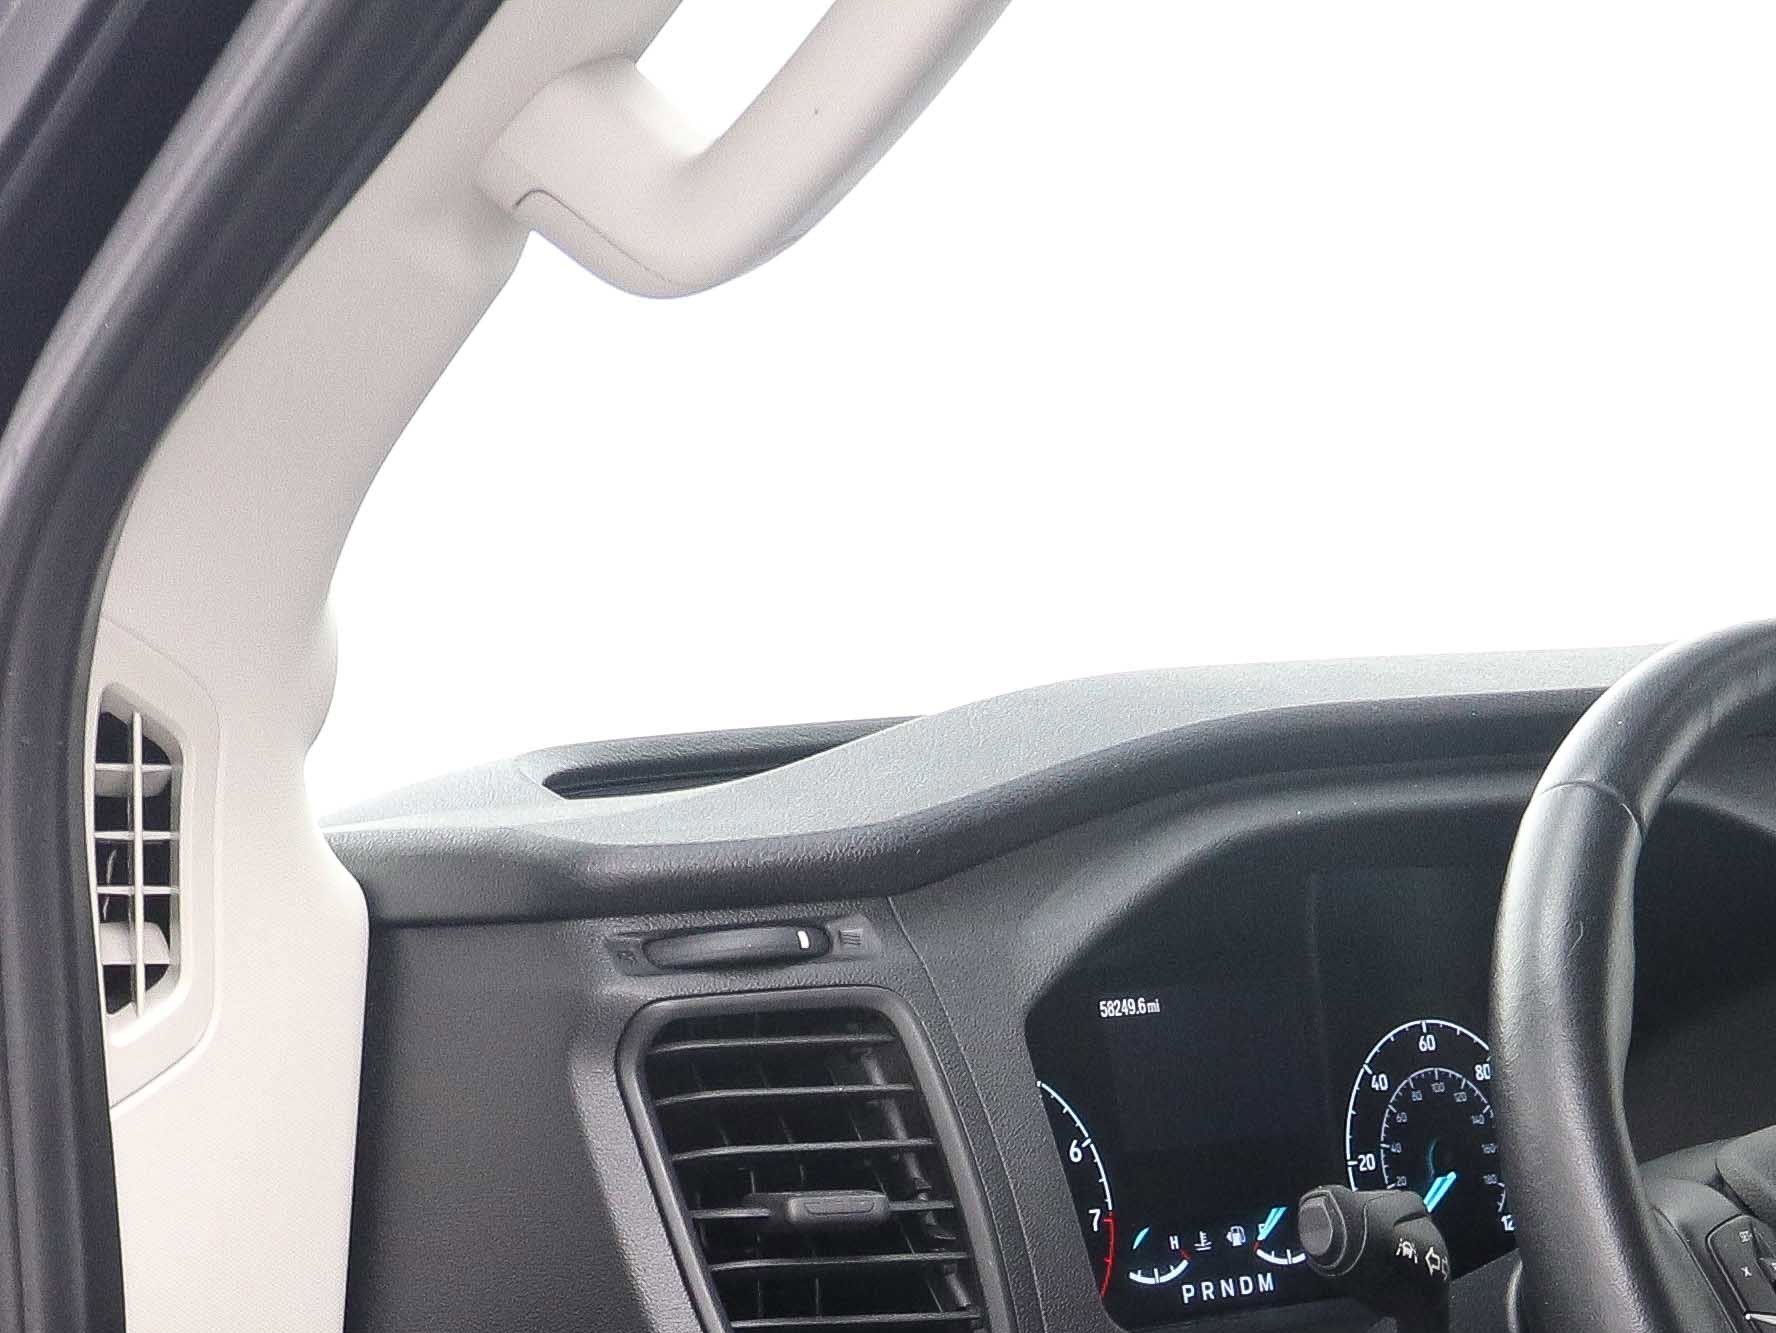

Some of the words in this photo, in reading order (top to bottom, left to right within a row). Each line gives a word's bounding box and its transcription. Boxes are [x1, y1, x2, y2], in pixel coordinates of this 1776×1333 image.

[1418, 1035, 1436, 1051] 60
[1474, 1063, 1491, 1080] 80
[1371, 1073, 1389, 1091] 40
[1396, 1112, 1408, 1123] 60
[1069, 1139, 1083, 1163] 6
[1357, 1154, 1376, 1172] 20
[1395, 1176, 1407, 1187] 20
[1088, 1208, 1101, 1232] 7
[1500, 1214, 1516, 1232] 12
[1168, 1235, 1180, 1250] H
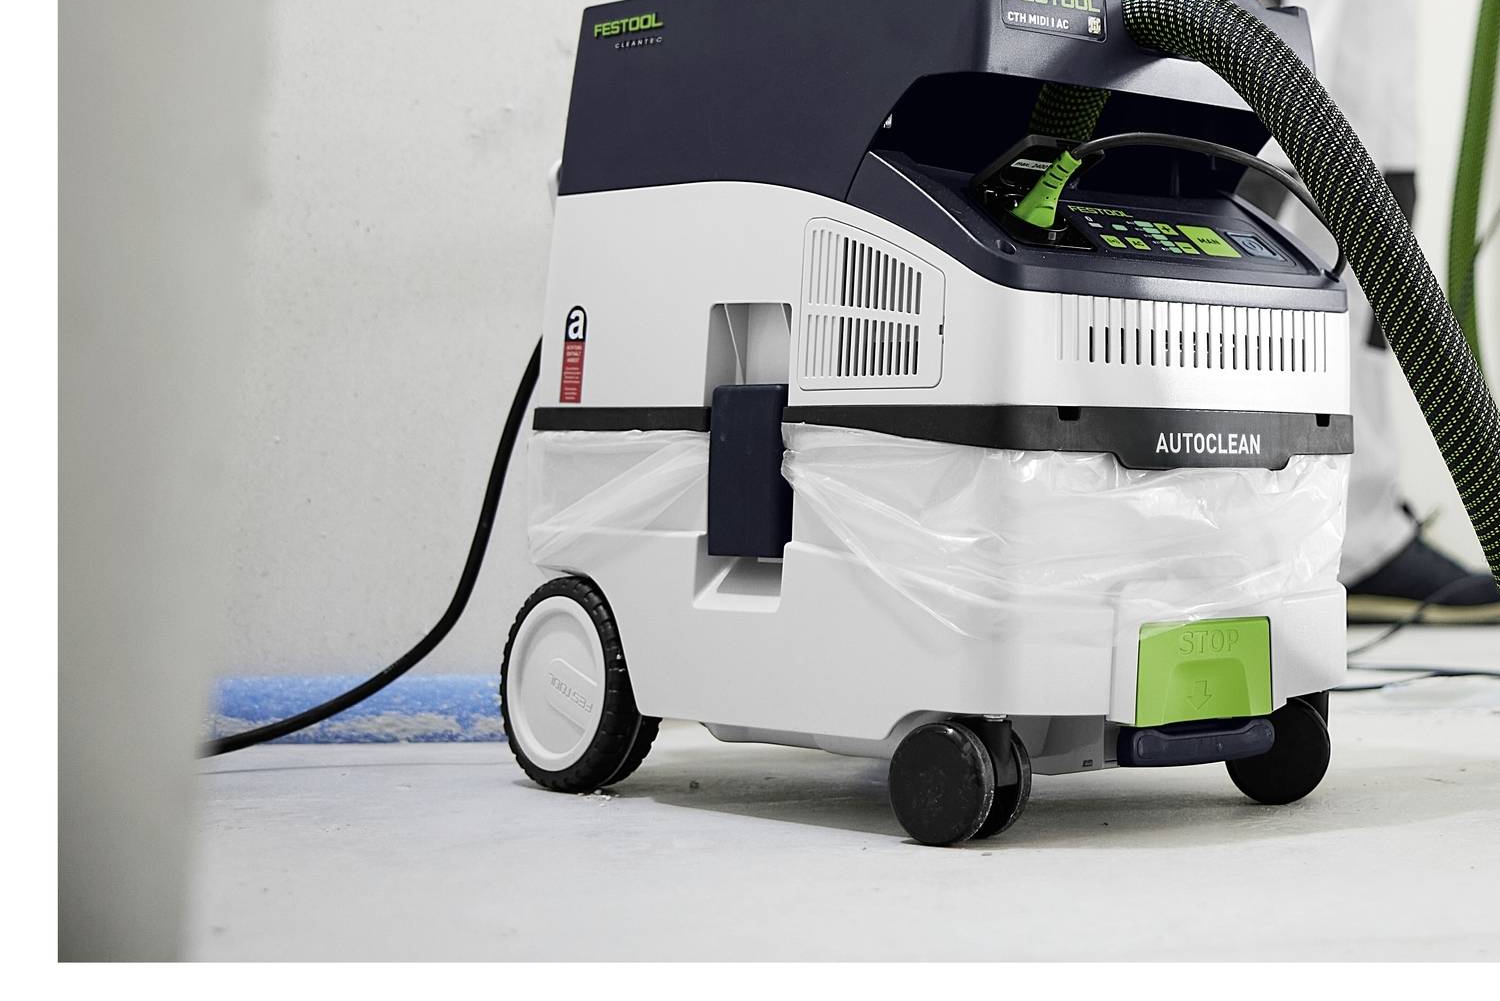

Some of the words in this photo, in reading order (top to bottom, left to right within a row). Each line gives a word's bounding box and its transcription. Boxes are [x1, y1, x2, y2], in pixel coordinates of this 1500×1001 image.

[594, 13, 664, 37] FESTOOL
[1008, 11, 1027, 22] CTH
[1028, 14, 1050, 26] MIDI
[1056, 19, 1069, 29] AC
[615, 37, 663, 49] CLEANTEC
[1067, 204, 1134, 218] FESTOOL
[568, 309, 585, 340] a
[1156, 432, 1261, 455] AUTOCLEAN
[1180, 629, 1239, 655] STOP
━━━━━━
**What you are asked to do**. Your copy should match the data exactly, apart from the images, which are dropped.

**Exercise answer**.
Some of the words in this photo, in reading order (top to bottom, left to right within a row). Each line gives a word's bounding box and its transcription. Boxes are [x1, y1, x2, y2], in pixel coordinates of this 1776×1333 image.

[1418, 1035, 1436, 1051] 60
[1474, 1063, 1491, 1080] 80
[1371, 1073, 1389, 1091] 40
[1396, 1112, 1408, 1123] 60
[1069, 1139, 1083, 1163] 6
[1357, 1154, 1376, 1172] 20
[1395, 1176, 1407, 1187] 20
[1088, 1208, 1101, 1232] 7
[1500, 1214, 1516, 1232] 12
[1168, 1235, 1180, 1250] H

Some of the words in this photo, in reading order (top to bottom, left to right within a row). Each line gives a word's bounding box and its transcription. Boxes are [x1, y1, x2, y2], in pixel coordinates of this 1500×1001 image.

[594, 13, 664, 37] FESTOOL
[1008, 11, 1027, 22] CTH
[1028, 14, 1050, 26] MIDI
[1056, 19, 1069, 29] AC
[615, 37, 663, 49] CLEANTEC
[1067, 204, 1134, 218] FESTOOL
[568, 309, 585, 340] a
[1156, 432, 1261, 455] AUTOCLEAN
[1180, 629, 1239, 655] STOP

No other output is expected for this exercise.